A arma que está no rosto da nossa comunidade no Orkut nesta data, e já desde o dia 5 de julho, é um revólver SA/DA/DAO Merwin & Hulbert de cinco câmaras, em .38 Spl, com o cano da configuração compacta acoplado, de prováveis quatro polegadas. Essas armas têm canos [e tambores] fáceis de desacoplar e permutar, de sorte que costumavam ser entregues com um tubo longo e outro curto.

Os Merwins são revólveres refinados e originais que já apaixonaram alguns à primeira vista, como João Taffin, da “Guns Magazine”. O sistema de extração é único, permitindo que se liberem apenas as cápsulas deflagradas, enquanto as demais, com seu comprimento integral, ficam retidas nas câmaras. O revólver pode ser municiado através de uma janela de alimentação alocada do lado direito da arma.

Os sistemas de encaixe são muito robustos e, de modo fascinante e extremamente incomum, dispensam os rosqueados – pelo menos, o do cano –, conferindo a essa arma a sua fabulosa modularidade.

No modelo que se vê na foto, em .38 Spl, nota-se que a crista serrilhada, ou dedal serrilhado do cão – a que costumo chamar, às vezes, "tecla da ação simples" – é retrátil, fazendo com que a arma passe, facultativamente, de DAO a SA/DA, conforme se queira usá-la dentro da roupa ou inserta em coldre.






Na foto abaixo, pode ser vista a arma desmontada, com a robusta vareta do extrator à mostra, o sólido protetor de vareta contínuo ao cano semelhante ao do Smith & Wesson Model 3 e o tambor bastante reforçado nas poções entre as câmaras, mas, de modo bastante inteligente, menos reforçado sobre o topo de cada câmara.

Comenta-se que esse revólver chegou a ser avaliado como mais rústico que o Colt SAA, em algum momento.




Na imagem seguinte, uma outra peça com o cano de tamanho integral acoplado e o estilo de cabo que marcou o modelo em questão, visto também, na mesma época, nos primeiros Colt DA.




O ponto fraco desse revólver é exatamente o incomum sistema de extração, que, por ironia, é geralmente a primeira coisa a que se faz alusão quando a arma é mencionada. Outros revólveres utilizaram sistemas semelhantes, como o inglês Enfield Mark I e o belga Galand 9mm curto, mas nenhum destes vingou na era do tambor móvel rebatível.

A Merwin & Hulbert tinha uma relação estreita com a Hopkins & Allen, sendo que alguns modelos da arma em questão trazem gravados os nomes de ambas as empresas; a Merwin, todavia, faliu antes da Hopkins, esta última destruída pelo notório incêndio do ano de 1900 e definitivamente extinta em 1917, depois de uma associação final de dezesseis anos com a Forehand Arms.

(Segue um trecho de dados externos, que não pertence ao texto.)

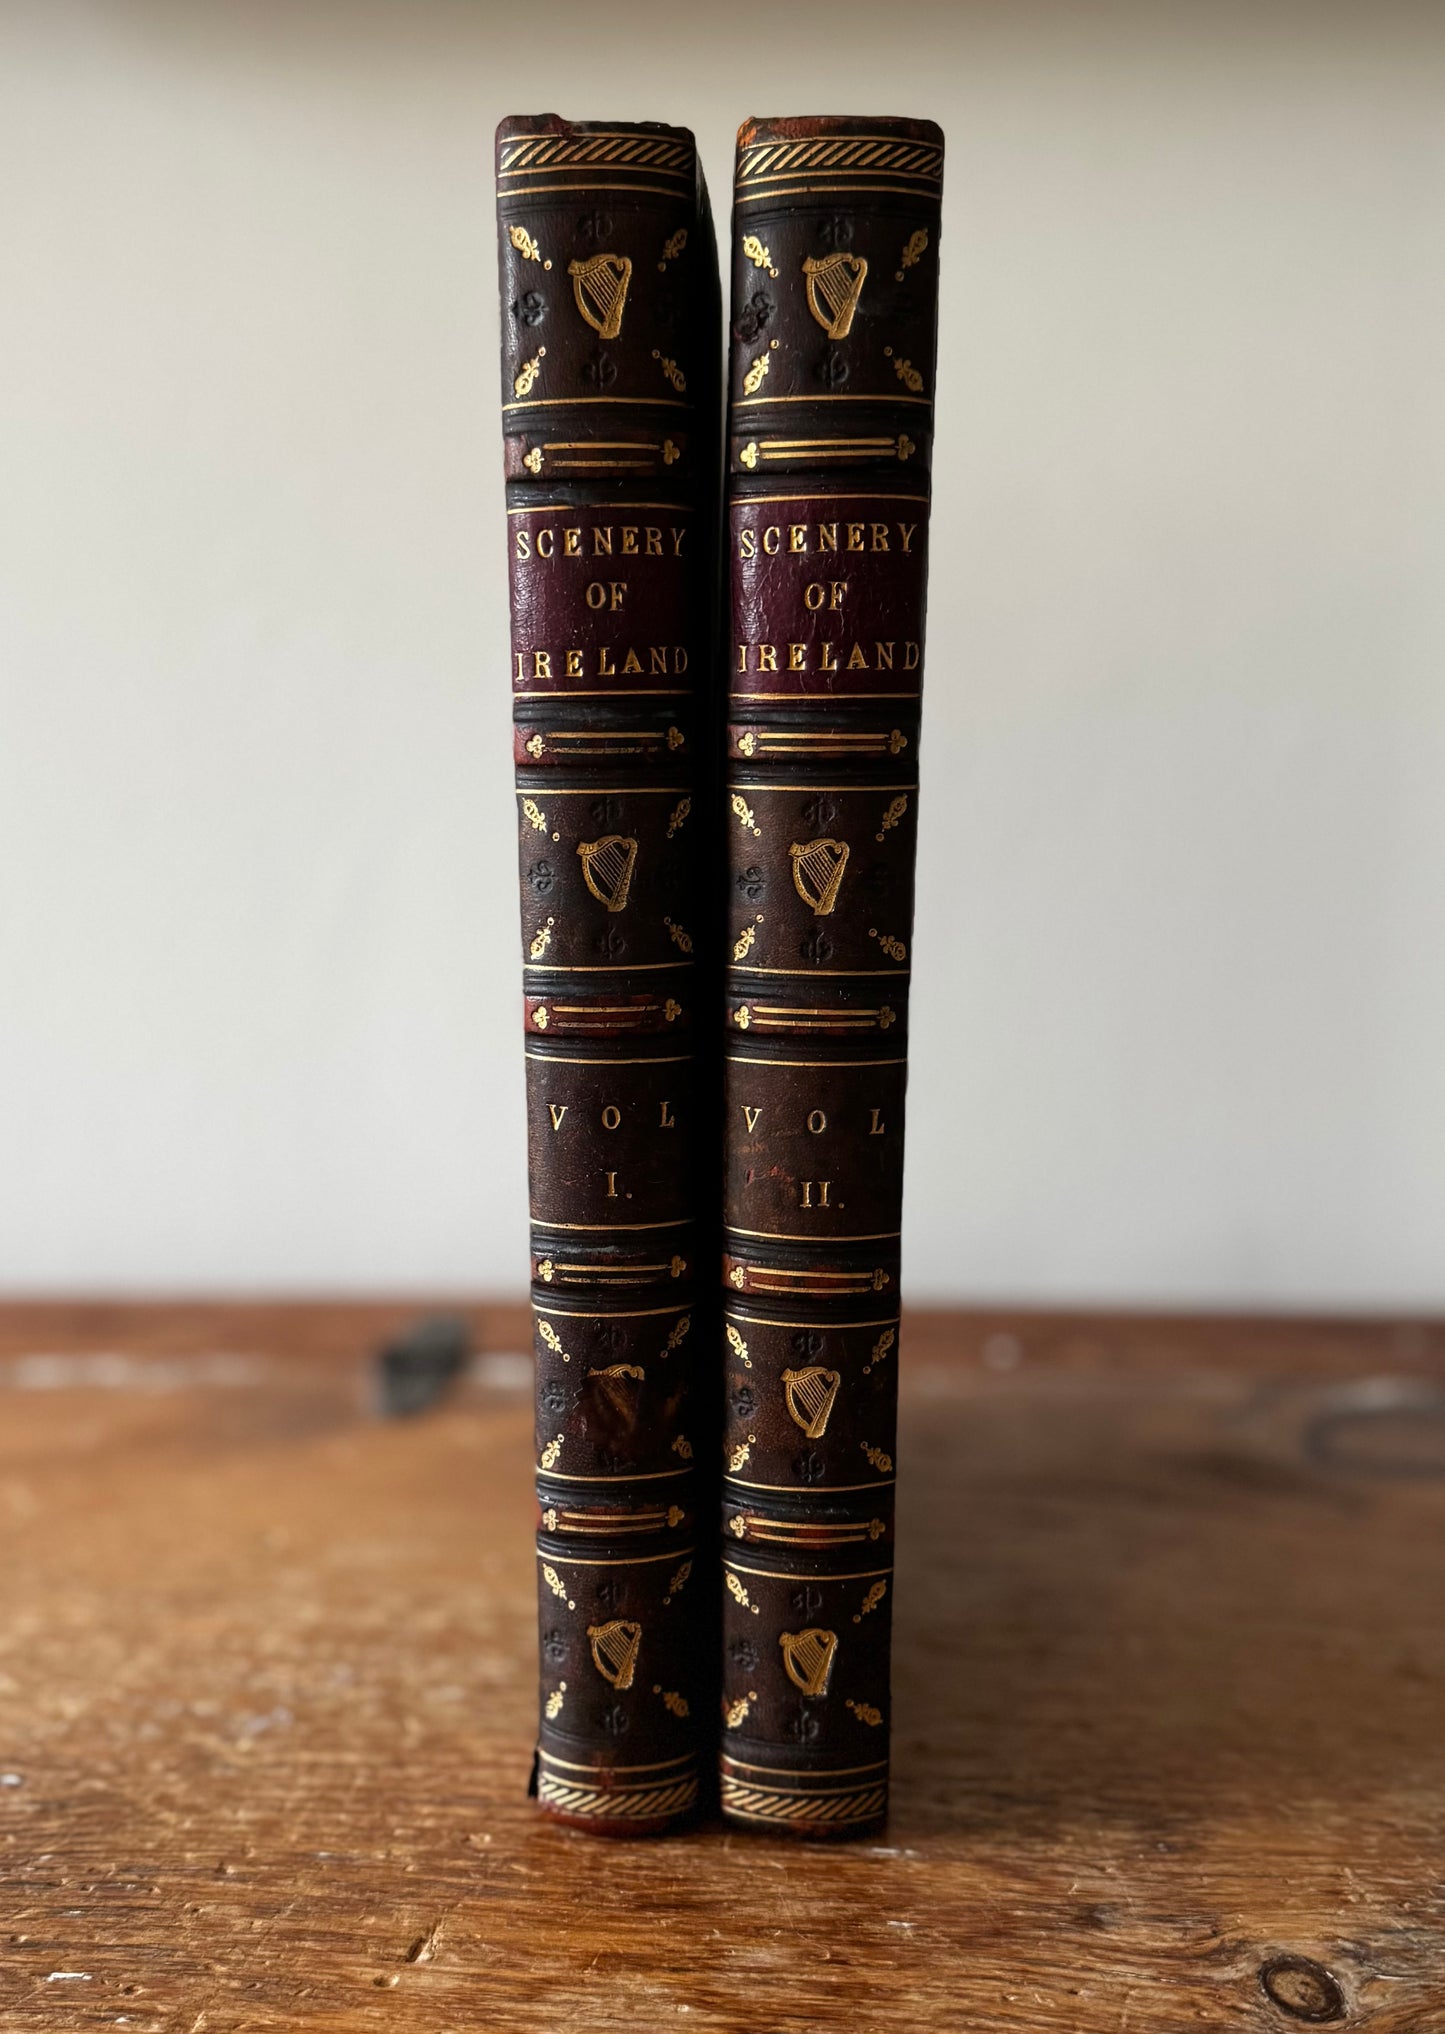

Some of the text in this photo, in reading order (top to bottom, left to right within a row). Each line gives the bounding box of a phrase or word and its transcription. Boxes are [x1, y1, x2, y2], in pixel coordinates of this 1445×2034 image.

[516, 526, 687, 560] SCENERY
[739, 523, 918, 558] SCENERY
[586, 582, 628, 611] OF
[804, 582, 849, 611] OF
[515, 646, 689, 681] IRELAND
[738, 641, 921, 673] IRELAND
[605, 1171, 633, 1199] I.
[800, 1181, 846, 1209] II.
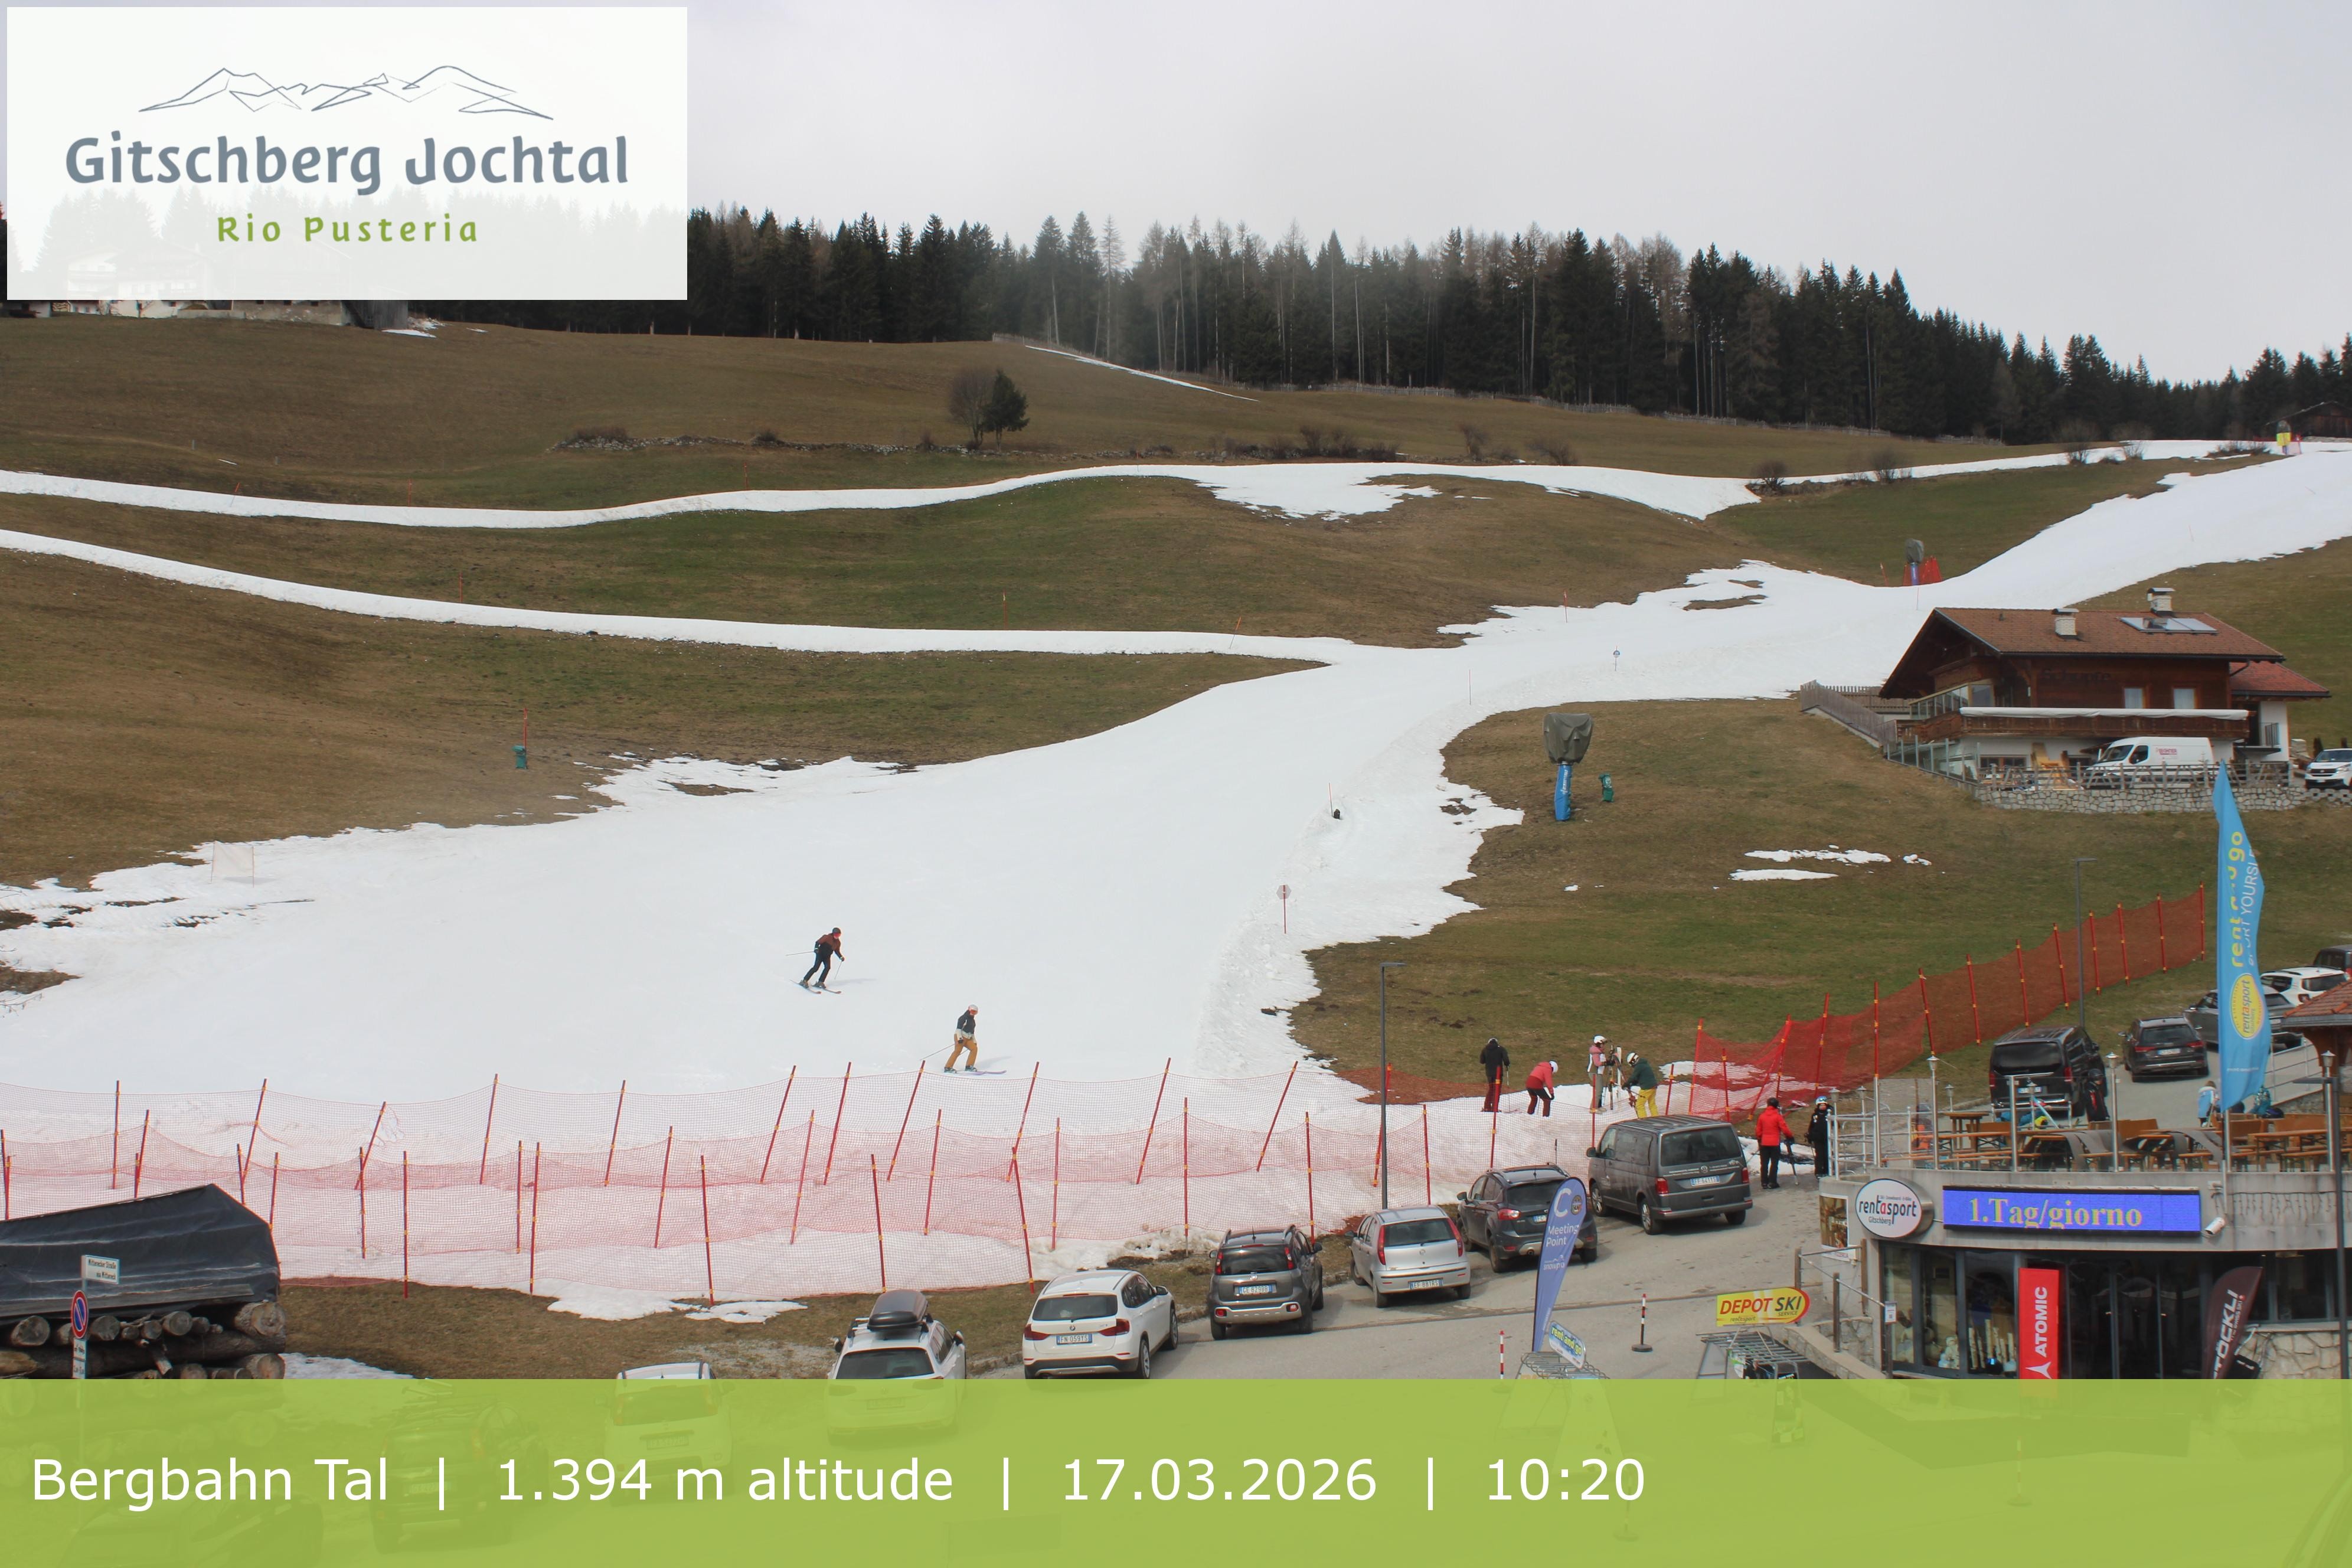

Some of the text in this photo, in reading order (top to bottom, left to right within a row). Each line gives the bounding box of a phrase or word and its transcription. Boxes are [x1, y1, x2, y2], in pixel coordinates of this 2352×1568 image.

Nas poucas décadas de sua glória, os M&H estiverem entre os quatro mais populares revólveres do Velho Oeste e, recentemente, há um esforço e uma promessa no sentido de que estas magníficas armas voltarão a ser fabricadas e comercializadas. Em ocorrendo essa ressurreição dos Merwin, eu, particularmente, acho que seria um desperdício não aproveitarem a oportunidade de construir modelos inteiramente modulares, com canos e tambores intercambiáveis em vários calibres, inclusive uma cano com guarda-mão para acompanhar uma coronha leve de encaixar. Vamos aguardar.